**What you have to do:**
Would you return all of this data exactly, leaving nothing out?
----- Materials provided -----
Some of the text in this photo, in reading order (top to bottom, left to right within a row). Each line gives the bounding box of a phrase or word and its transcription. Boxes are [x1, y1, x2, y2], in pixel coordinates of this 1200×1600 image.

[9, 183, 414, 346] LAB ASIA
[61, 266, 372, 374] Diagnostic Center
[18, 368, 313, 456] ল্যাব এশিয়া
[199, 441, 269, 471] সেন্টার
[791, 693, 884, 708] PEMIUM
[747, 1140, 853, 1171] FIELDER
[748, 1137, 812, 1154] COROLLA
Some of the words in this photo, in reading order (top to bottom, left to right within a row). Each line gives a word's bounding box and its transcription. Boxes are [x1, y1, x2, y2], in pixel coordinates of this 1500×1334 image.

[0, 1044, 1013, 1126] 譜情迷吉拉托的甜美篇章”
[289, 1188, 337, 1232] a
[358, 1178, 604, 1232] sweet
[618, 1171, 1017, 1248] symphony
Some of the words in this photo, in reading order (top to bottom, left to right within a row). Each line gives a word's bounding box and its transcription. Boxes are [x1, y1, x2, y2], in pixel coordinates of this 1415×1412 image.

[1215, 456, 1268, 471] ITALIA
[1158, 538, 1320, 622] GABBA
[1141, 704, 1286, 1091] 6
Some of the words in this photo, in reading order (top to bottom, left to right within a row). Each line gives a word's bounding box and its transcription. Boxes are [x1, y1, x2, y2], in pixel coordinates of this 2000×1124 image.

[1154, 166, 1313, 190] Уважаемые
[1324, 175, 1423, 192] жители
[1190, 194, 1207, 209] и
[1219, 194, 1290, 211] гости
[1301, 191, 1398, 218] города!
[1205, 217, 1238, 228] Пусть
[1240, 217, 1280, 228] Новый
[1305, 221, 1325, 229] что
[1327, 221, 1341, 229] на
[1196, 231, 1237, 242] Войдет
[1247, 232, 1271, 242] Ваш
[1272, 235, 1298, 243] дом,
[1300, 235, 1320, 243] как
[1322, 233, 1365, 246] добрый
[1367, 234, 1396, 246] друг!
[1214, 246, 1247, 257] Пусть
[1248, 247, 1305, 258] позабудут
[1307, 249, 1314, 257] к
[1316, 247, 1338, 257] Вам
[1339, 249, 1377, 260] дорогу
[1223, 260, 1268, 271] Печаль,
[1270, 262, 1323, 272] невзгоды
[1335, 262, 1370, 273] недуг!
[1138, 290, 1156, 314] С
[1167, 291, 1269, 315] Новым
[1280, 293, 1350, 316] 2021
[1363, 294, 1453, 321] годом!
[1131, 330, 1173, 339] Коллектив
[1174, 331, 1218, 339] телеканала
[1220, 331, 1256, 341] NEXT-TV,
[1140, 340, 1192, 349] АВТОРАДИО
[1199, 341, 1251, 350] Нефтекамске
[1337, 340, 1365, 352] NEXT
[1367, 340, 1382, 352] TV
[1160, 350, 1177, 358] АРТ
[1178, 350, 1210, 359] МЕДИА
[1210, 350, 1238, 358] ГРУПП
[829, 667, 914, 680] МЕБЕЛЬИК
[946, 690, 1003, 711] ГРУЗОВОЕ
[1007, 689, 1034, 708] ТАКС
-----
**Written response:**
Some of the text in this photo, in reading order (top to bottom, left to right within a row). Each line gives the bounding box of a phrase or word and its transcription. Boxes are [x1, y1, x2, y2], in pixel coordinates of this 1200×1600 image.

[9, 183, 414, 346] LAB ASIA
[61, 266, 372, 374] Diagnostic Center
[18, 368, 313, 456] ল্যাব এশিয়া
[199, 441, 269, 471] সেন্টার
[791, 693, 884, 708] PEMIUM
[747, 1140, 853, 1171] FIELDER
[748, 1137, 812, 1154] COROLLA
Some of the words in this photo, in reading order (top to bottom, left to right within a row). Each line gives a word's bounding box and its transcription. Boxes are [x1, y1, x2, y2], in pixel coordinates of this 1500×1334 image.

[0, 1044, 1013, 1126] 譜情迷吉拉托的甜美篇章”
[289, 1188, 337, 1232] a
[358, 1178, 604, 1232] sweet
[618, 1171, 1017, 1248] symphony
Some of the words in this photo, in reading order (top to bottom, left to right within a row). Each line gives a word's bounding box and its transcription. Boxes are [x1, y1, x2, y2], in pixel coordinates of this 1415×1412 image.

[1215, 456, 1268, 471] ITALIA
[1158, 538, 1320, 622] GABBA
[1141, 704, 1286, 1091] 6
Some of the words in this photo, in reading order (top to bottom, left to right within a row). Each line gives a word's bounding box and its transcription. Boxes are [x1, y1, x2, y2], in pixel coordinates of this 2000×1124 image.

[1154, 166, 1313, 190] Уважаемые
[1324, 175, 1423, 192] жители
[1190, 194, 1207, 209] и
[1219, 194, 1290, 211] гости
[1301, 191, 1398, 218] города!
[1205, 217, 1238, 228] Пусть
[1240, 217, 1280, 228] Новый
[1305, 221, 1325, 229] что
[1327, 221, 1341, 229] на
[1196, 231, 1237, 242] Войдет
[1247, 232, 1271, 242] Ваш
[1272, 235, 1298, 243] дом,
[1300, 235, 1320, 243] как
[1322, 233, 1365, 246] добрый
[1367, 234, 1396, 246] друг!
[1214, 246, 1247, 257] Пусть
[1248, 247, 1305, 258] позабудут
[1307, 249, 1314, 257] к
[1316, 247, 1338, 257] Вам
[1339, 249, 1377, 260] дорогу
[1223, 260, 1268, 271] Печаль,
[1270, 262, 1323, 272] невзгоды
[1335, 262, 1370, 273] недуг!
[1138, 290, 1156, 314] С
[1167, 291, 1269, 315] Новым
[1280, 293, 1350, 316] 2021
[1363, 294, 1453, 321] годом!
[1131, 330, 1173, 339] Коллектив
[1174, 331, 1218, 339] телеканала
[1220, 331, 1256, 341] NEXT-TV,
[1140, 340, 1192, 349] АВТОРАДИО
[1199, 341, 1251, 350] Нефтекамске
[1337, 340, 1365, 352] NEXT
[1367, 340, 1382, 352] TV
[1160, 350, 1177, 358] АРТ
[1178, 350, 1210, 359] МЕДИА
[1210, 350, 1238, 358] ГРУПП
[829, 667, 914, 680] МЕБЕЛЬИК
[946, 690, 1003, 711] ГРУЗОВОЕ
[1007, 689, 1034, 708] ТАКС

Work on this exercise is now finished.